'Technical issue' forces postponement of commission meeting

By Doug Spoon, Editor It’s not easy to maintain a virtual City Hall when the virtual element literally breaks down. That’s what happened...

By Doug Spoon, Editor


It’s not easy to maintain a virtual City Hall when the virtual element literally breaks down.

That’s what happened Wednesday night, when the latest in a long list of technical problems forced postponement of the Menifee Planning Commission meeting. Commissioners and staff members were ready to go in the Council chambers, but problems in the digital feed to the City’s Zoom link and YouTube page made virtual attendance impossible.

As a result, with about 20 people waiting to watch the virtual broadcast rather than attend in person with limited seating, social distancing and a mask requirement, the entire meeting was continued to Feb. 9.

Watching city meetings remotely became common practice during the COVID-19 pandemic. For a time, all meetings were held strictly virtually, with Council chambers empty and participants joining at home via Zoom and YouTube. The virtual meeting option has remained as small crowds have returned in person, and the City promotes itself as a “No Stop Shop” for virtual City business when City Hall is closed to the public – as it has been since Jan. 12.

Problems within the City’s IT department have existed basically since the City moved into the current City Hall building about three years ago, however. An inferior sound system and glitchy computer monitor system at the dais led the City Council in August to approve a request for $190,000 for equipment upgrades.

Problems with council members’ dais monitors and an online voting system have persisted, but this is the first time an entire public meeting was postponed because of technical problems.

Seeking an explanation for Wednesday’s problem was not easy, given city manager Armando Villa’s edict that department heads do not respond directly to the media, instead going through assistant city manager Rochelle Clayton and the City’s new public information officer, Philip Southard. This policy has been in place for nearly two years, since Menifee 24/7 began questioning City policies and making multiple public records requests.

In response to the request for an explanation in this case, IT director Ron Pucinelli said in an email this morning that staff was “gathering information.” Later, Clayton emailed Menifee 24/7 and directed further correspondence to Southard. Her explanation:

“The technical issue last night was not related to any equipment or systems, but with the Zoom account needed to allow public participation at the meeting. For reasons we are still attempting to understand with the vendor, Zoom administratively disabled the City’s account shortly before the noticed start time of the meeting. City staff is continuing to work with our Zoom account team to address the issue to ensure it does not happen again.”

Menifee 24/7 asked for clarification from Pucinelli directly but did not receive an immediate response from him -- only a second email from Clayton saying the issue was not an IT problem.

When the $190,000 was approved in August, one of the deficiencies noted in the current system was this: “The existing video switcher used to produce the video stream does not have sufficient capacity to handle the requirements of all the different public meetings held in the council chambers.”

Is this still part of the problem six months later? The City’s response did not address that situation.

A key item on the meeting agenda that was postponed concerns the City’s proposal of a “Good Neighbor Policy” regarding industrial centers – guidelines designed to restrict the impact of such centers on surrounding areas. The issue was first brought up during a City Council meeting last July, when City staff made a presentation including a “list of policies and/or general guidelines that have been implemented by other jurisdictions aimed to protect residents from industrial warehouse and logistics development.”

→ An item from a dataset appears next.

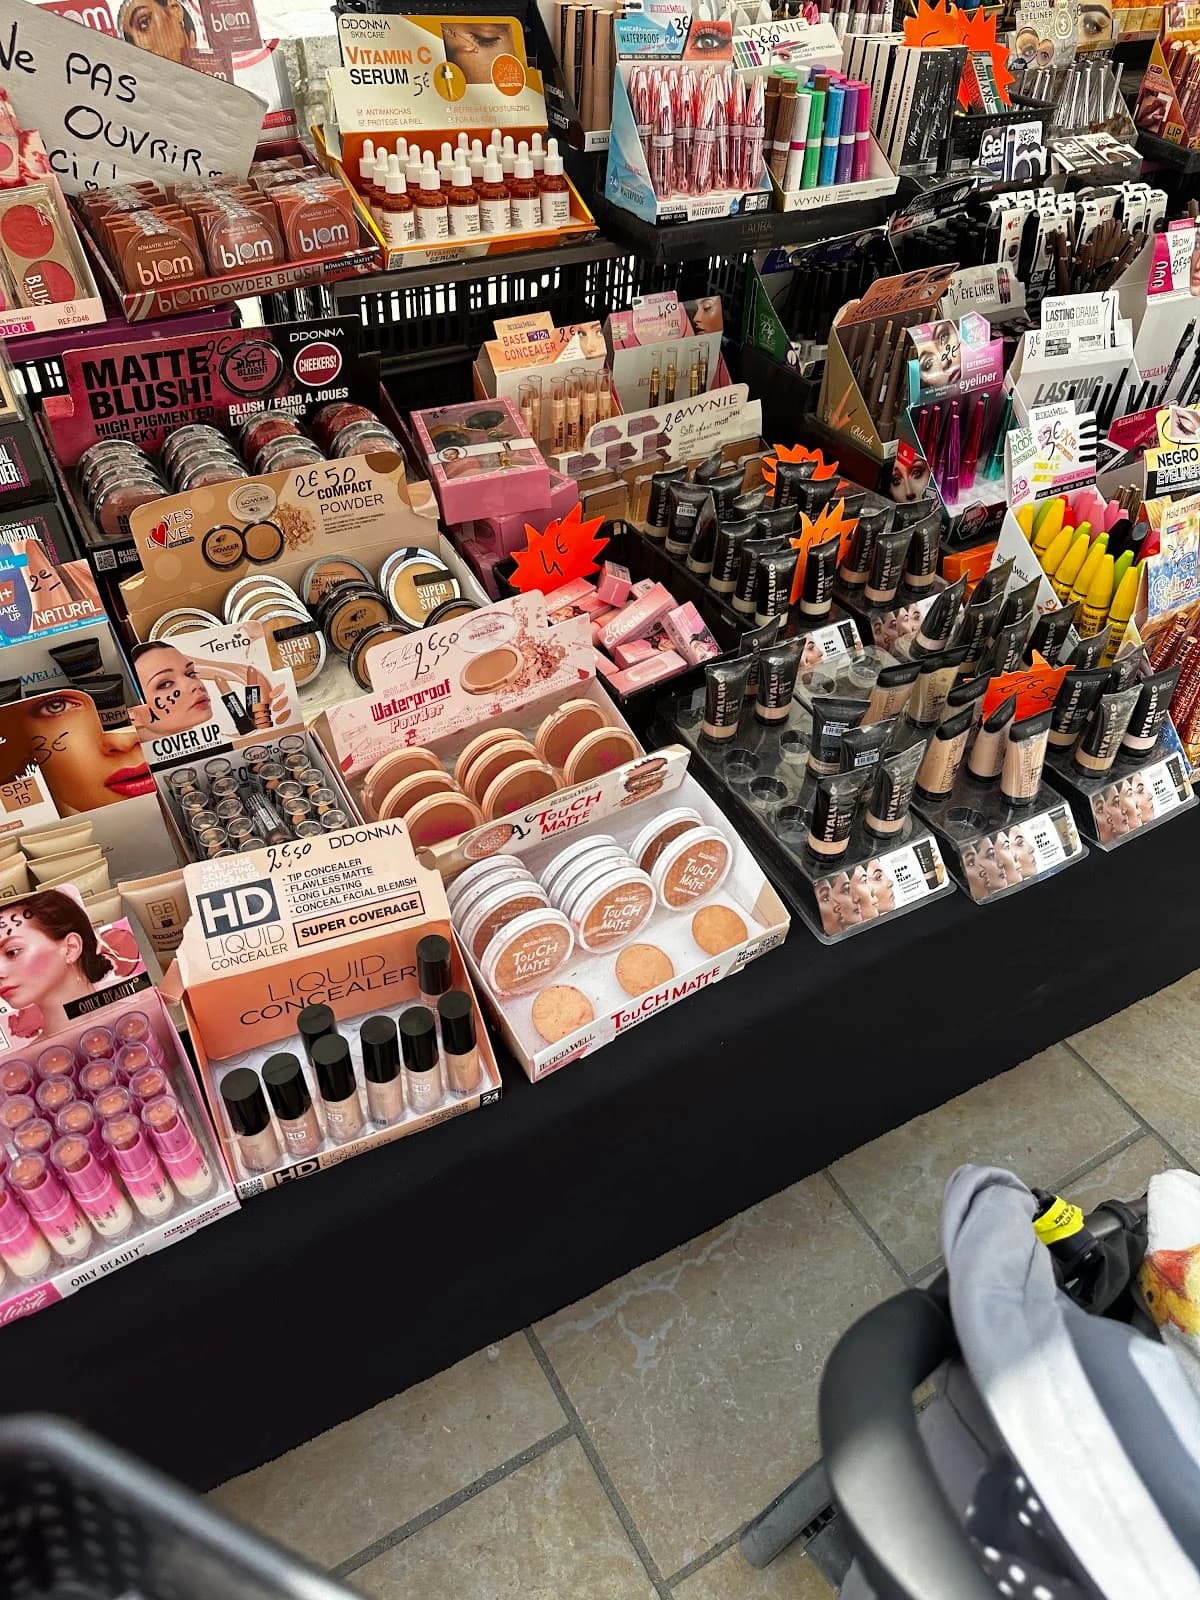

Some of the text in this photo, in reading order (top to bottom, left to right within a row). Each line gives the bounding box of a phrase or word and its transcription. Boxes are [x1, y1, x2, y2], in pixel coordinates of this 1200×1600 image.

Staff’s proposal, which received support from Mayor Bill Zimmerman and council members Lesa Sobek and Dean Deines, drew criticism from commercial brokers for potential industrial sites within permitted areas of the City’s economic development corridors. The discussion resulted in a delay of the issue, but a policy placed before the Planning Commission for Wednesday’s meeting included the following requirements:

-- Truck traffic be routed to “impact the least amount of sensitive receptors.”

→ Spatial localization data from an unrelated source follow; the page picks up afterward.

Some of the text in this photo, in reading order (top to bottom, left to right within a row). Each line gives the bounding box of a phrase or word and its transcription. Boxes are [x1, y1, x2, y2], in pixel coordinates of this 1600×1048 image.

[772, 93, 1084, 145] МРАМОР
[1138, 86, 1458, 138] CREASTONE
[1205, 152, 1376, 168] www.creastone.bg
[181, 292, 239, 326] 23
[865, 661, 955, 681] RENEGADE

-- To the maximum extent feasible, buildings be designed with driveways and loading docks facing away from “sensitive receptors.”

-- Landscape buffers and walls be constructed to shield storage and equipment.

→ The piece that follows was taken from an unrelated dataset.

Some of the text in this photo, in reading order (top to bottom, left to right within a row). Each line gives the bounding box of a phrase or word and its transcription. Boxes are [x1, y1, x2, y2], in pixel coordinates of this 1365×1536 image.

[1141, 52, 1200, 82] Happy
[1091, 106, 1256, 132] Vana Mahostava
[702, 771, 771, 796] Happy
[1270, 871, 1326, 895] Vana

-- Building massing be designed “so as to reduce visual dominance on adjacent sensitive receptors.”

A number of other requirements are included in the policy, which critics say should not be exempt from environmental review, as the City has implied.

"The Public Notice indicates the proposal is exempt from CEQA [California Environmental Quality Act],” states commercial developer Dennis Fitzpatrick in a letter that was intended to be entered into the record at Wednesday’s meeting. “What is the analysis and source of this conclusion and how old is the environmental document? It appears Item 9.1 Amendment to Title 9 of the Menifee Municipal Code ‐ Change of Zone No. PLN 21‐408; and the proposed Good Neighbor Industrial Policies is piecemealing and circumvents the CEQA process.”

Further discussion of the item can be found in a Menifee news article from July 22 here.

City Hall is scheduled to reopen its doors to the public for in-person services Feb. 1, pending an updated decision on the impacts of COVID-19.